The purpose of this paper is to review current literature on knowledge management processes considering the relationship between the key knowledge processes of acquisition, sharing, storage, codification, creation, application and different types of innovation, through a systematic literature review.
This study follows systematic review protocols for management and organisational sciences and analyses 45 full papers on knowledge management processes and innovation.
Results not only show that all knowledge processes can directly support innovation but also that other organisational variables (e.g. organisational learning, absorptive capacity) mediate this relationship. Moreover, knowledge creation and knowledge application appear as two central processes through which knowledge acquisition, sharing, codification and storage influence innovation. Knowledge acquisition and knowledge sharing are the most frequently studied knowledge processes. The majority of the sample papers present traditional innovation definitions (product vs process, radical vs incremental and technical vs administrative). However, organisational innovation, innovation capability and innovation performance approaches emerge from the papers’ analysis.

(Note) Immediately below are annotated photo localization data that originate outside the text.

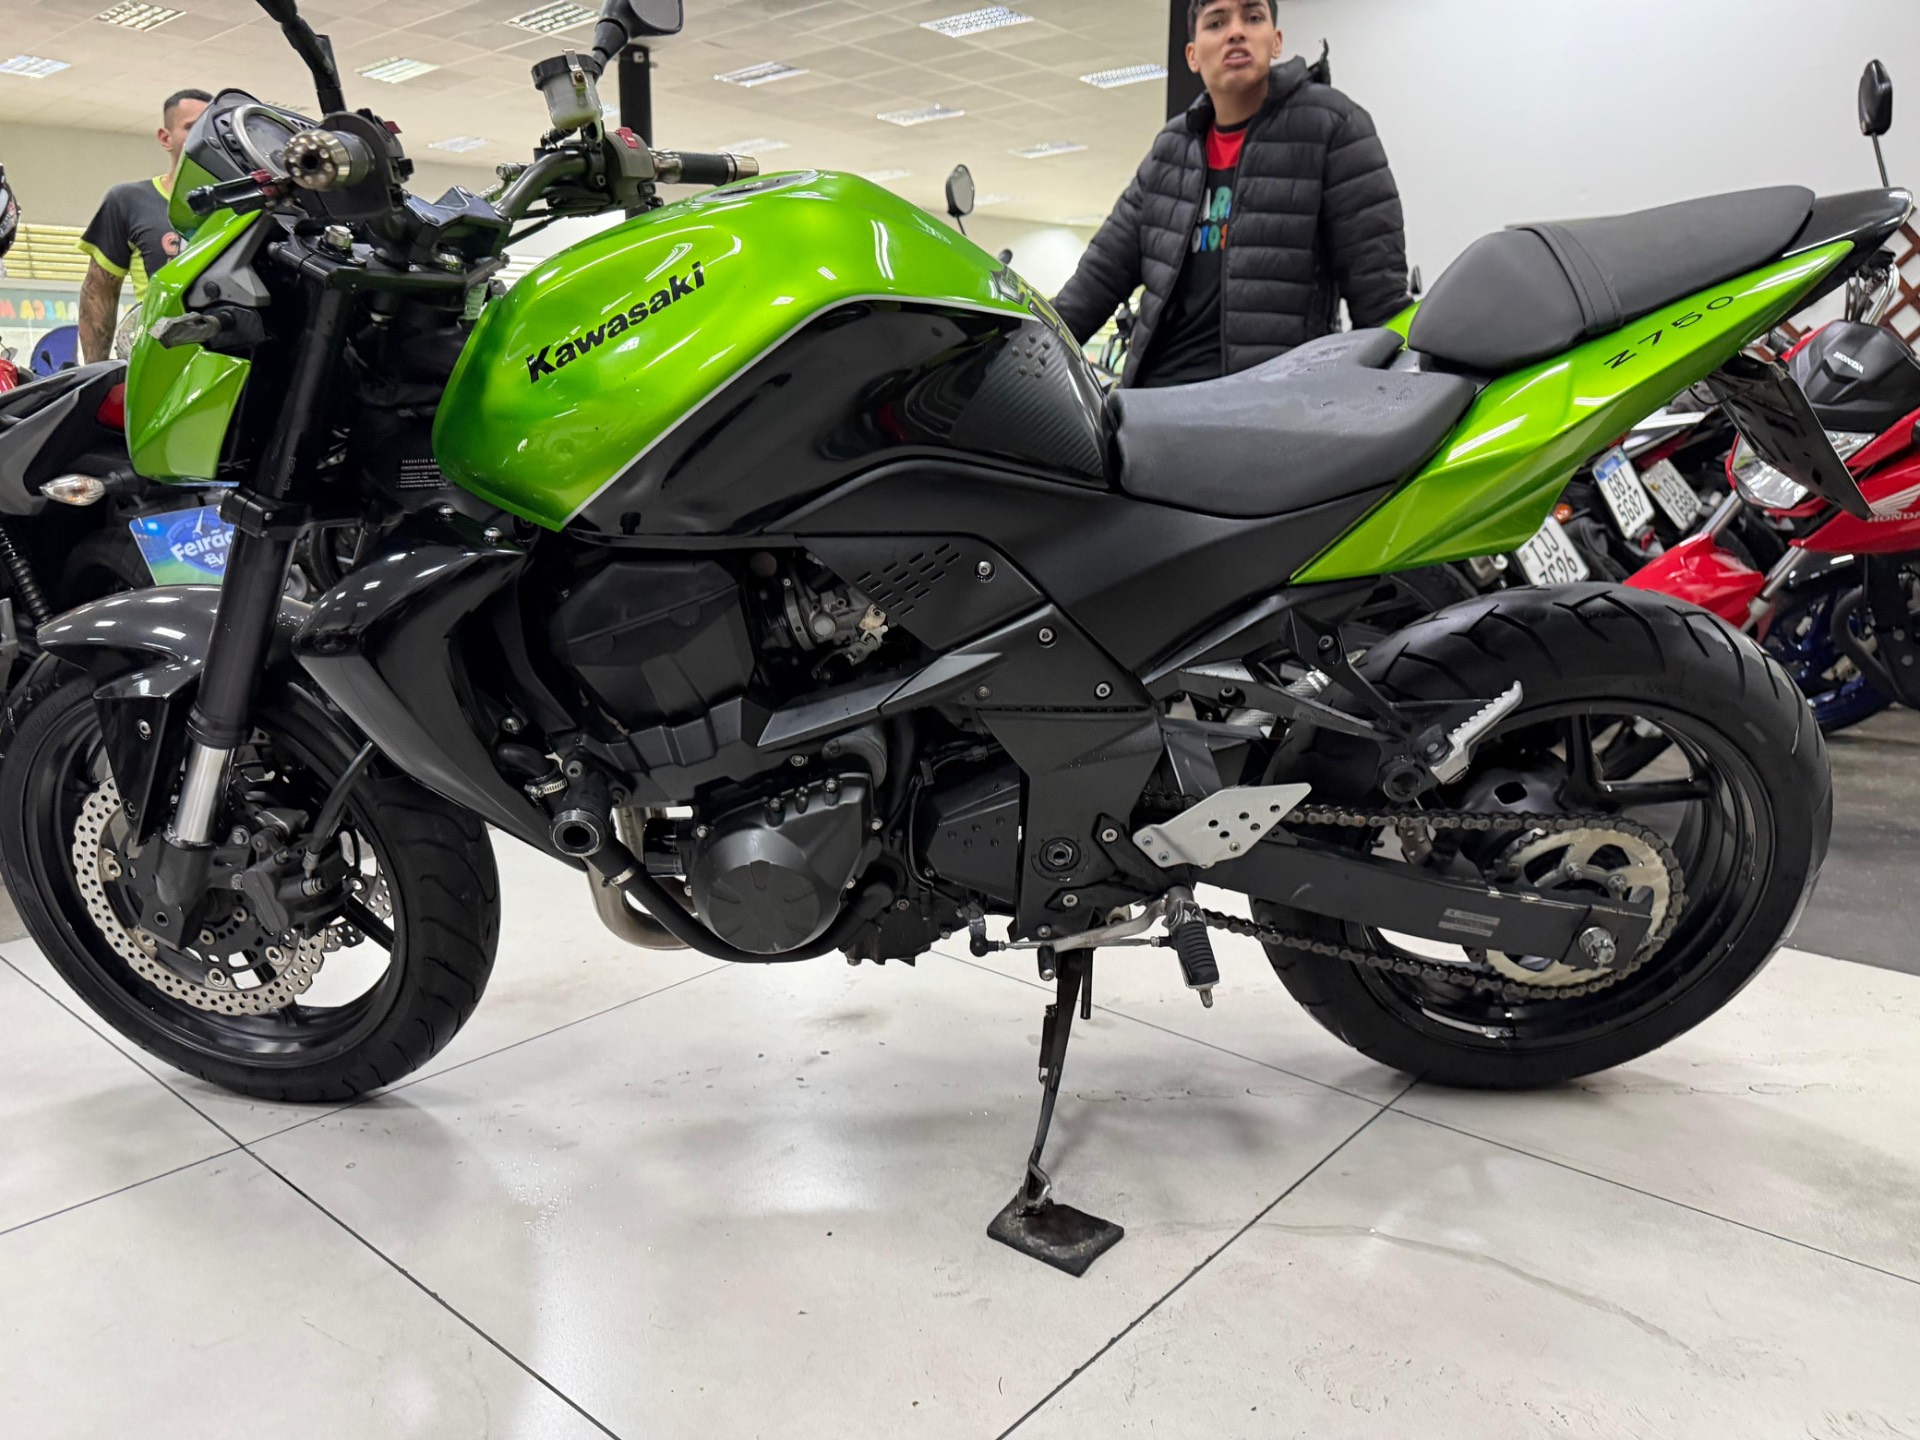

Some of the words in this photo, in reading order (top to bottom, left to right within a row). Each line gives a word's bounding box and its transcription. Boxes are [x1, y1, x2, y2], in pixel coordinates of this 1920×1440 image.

[525, 261, 706, 384] Kawasaki
[1603, 295, 1733, 369] Z750
[1833, 351, 1864, 374] HONDA
[170, 528, 234, 562] Feirão
[1529, 527, 1559, 567] TJJ

The present review includes major scientific papers; however, the search is limited to the Web of ScienceTM platform.
This literature review analyses high-quality, peer-reviewed papers, following a systematic methodology that can be tested and updated. Papers were divided based upon the knowledge process(es) being analysed and the innovation type/approach, providing a twofold contribution to knowledge management and innovation literature.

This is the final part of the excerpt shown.